Professional training
is expensive. Instructional designers make good money, classrooms are expensive, and so forth. Personally, I think that you should let an
employer pay for such things.
Many folks imagine that a certification is a "
Golden Ticket." It is
not. The lotsa-money that you pay for one,
might well be entirely wasted on you. (Whether it is or isn't ... depends on
you.)
I think that it is a much better choice to: "get an
entry-level job." Get
inside, any way you can. Then, show-up on time, neatly dressed ... listen much more than you talk ... do the tasks that you are given and politely-and-promptly
ask for help when needed. You will be surrounded by opportunities to learn.

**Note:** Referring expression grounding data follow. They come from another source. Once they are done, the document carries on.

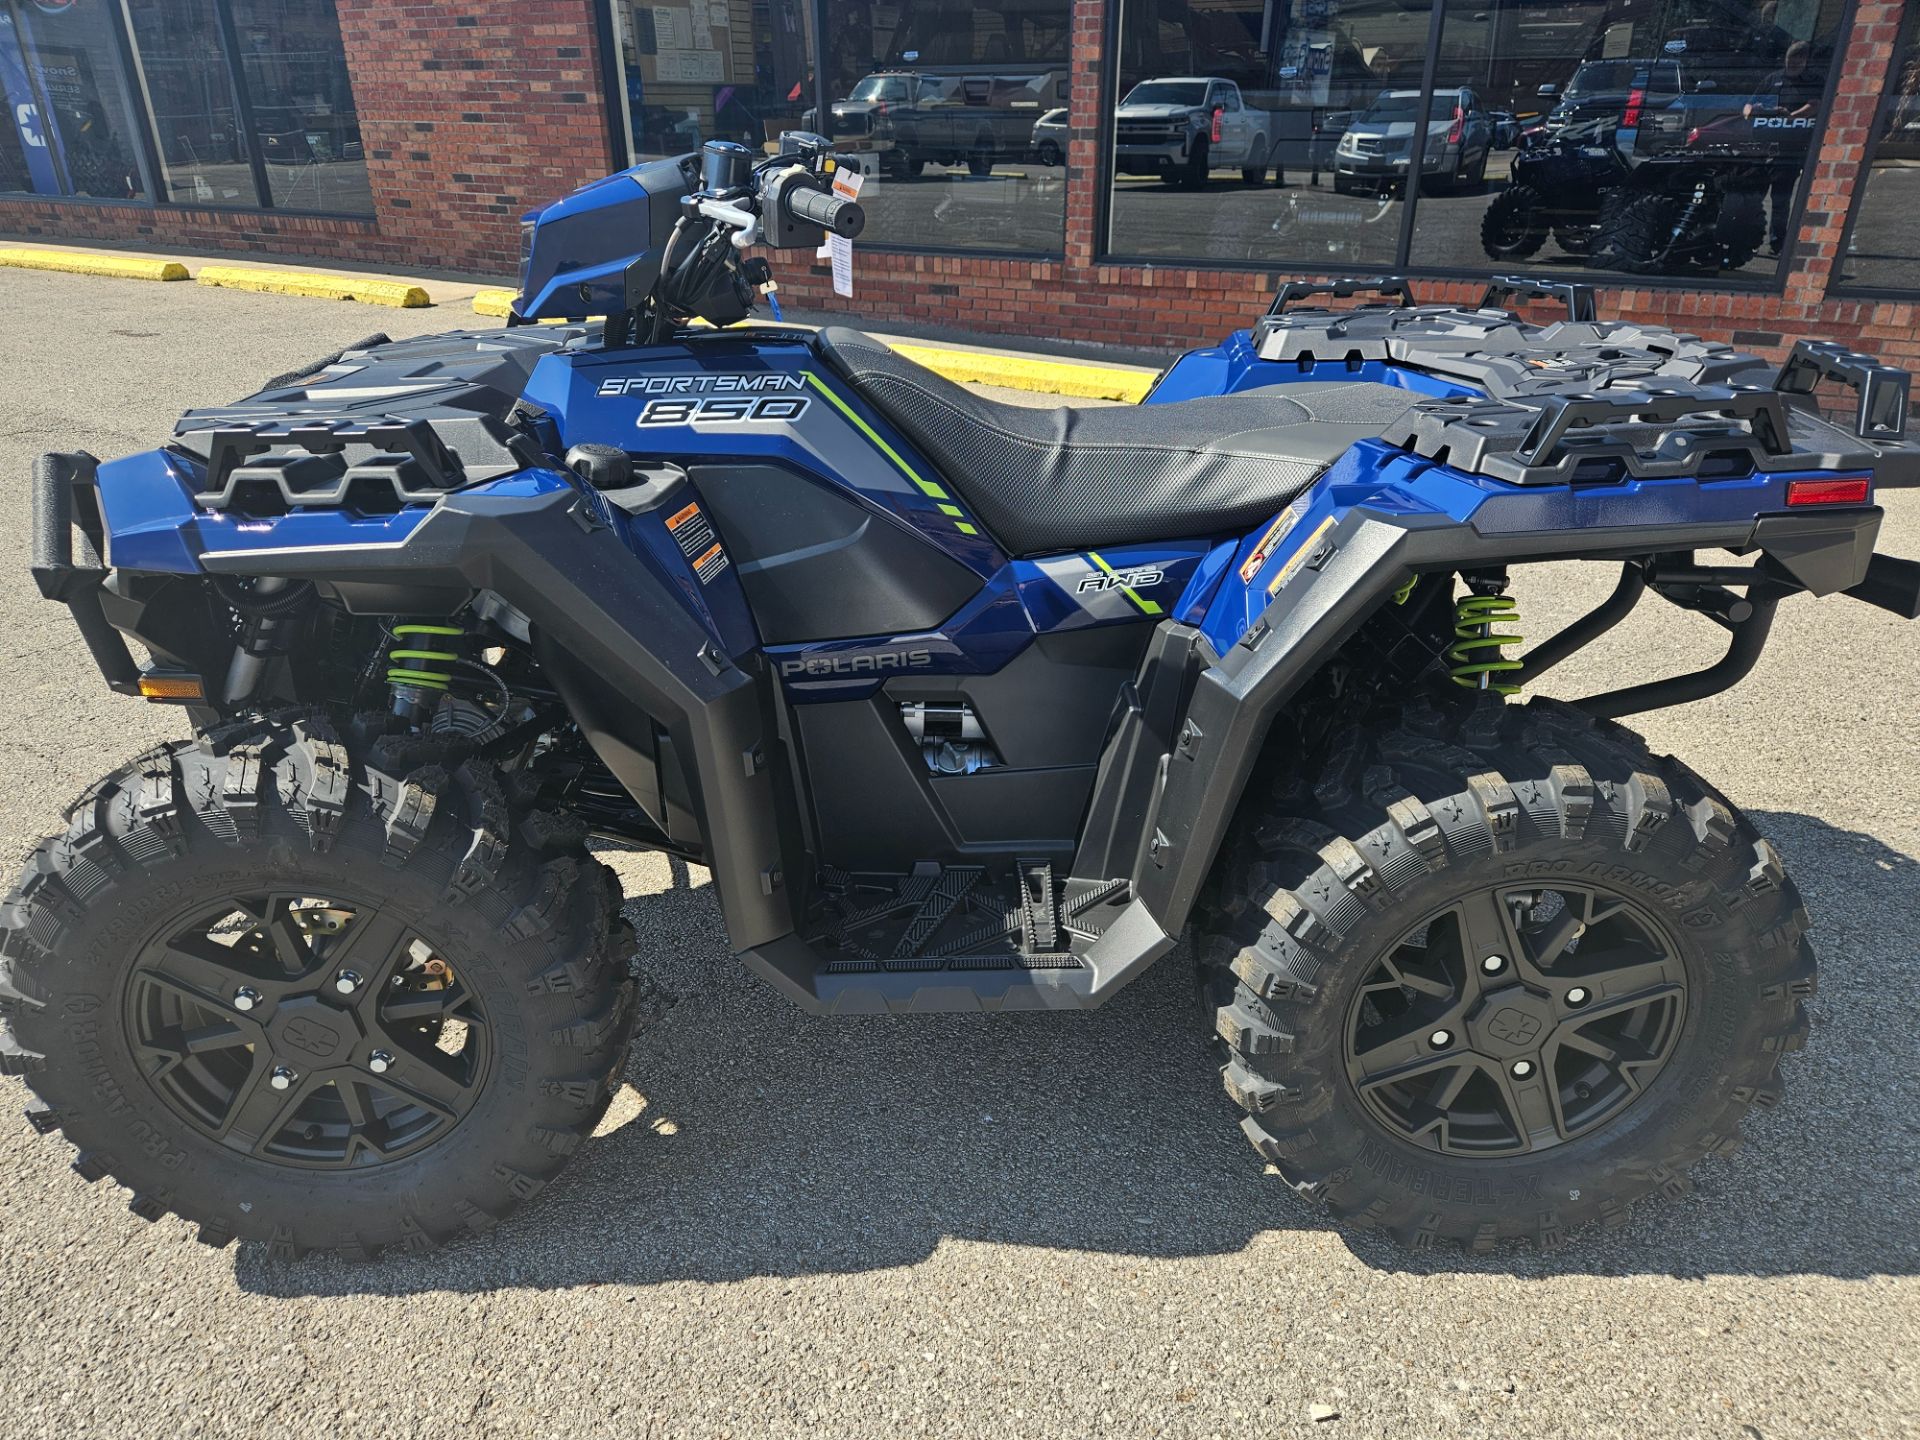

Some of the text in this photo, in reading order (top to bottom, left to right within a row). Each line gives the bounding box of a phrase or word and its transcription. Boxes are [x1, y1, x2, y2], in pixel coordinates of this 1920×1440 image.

[598, 375, 807, 396] SPORTSMAN
[636, 396, 812, 429] 850
[1076, 570, 1164, 594] AWD
[781, 649, 932, 677] POLARIS
[1356, 1137, 1545, 1206] X-TERRAIN

Most importantly: "people will
speak well of you."
My first job was: tearing paper off a line-printer and shoving it through the proper slot. I didn't care: I was on the side of that wall where the machines were. I read every manual in the place (asking permission, of course).
I never looked over anyone's shoulder and read a password. I
never used a password that was not given to me. I became "trusted" the old-fashioned way ... I earned it.
And I learned stuff, and made connections, that you simply don't
get from a book. This was the place where the data-processing concerns of a University were being carried out ... computers were rack-mounted devices the size of bread-boxes at the time. 10-megabyte disks were the size of a small dishwasher and had removable platters.
It's been my career ... and it is still of great personal interest to me ... decades later. I still like to say that I made a living from my hobby.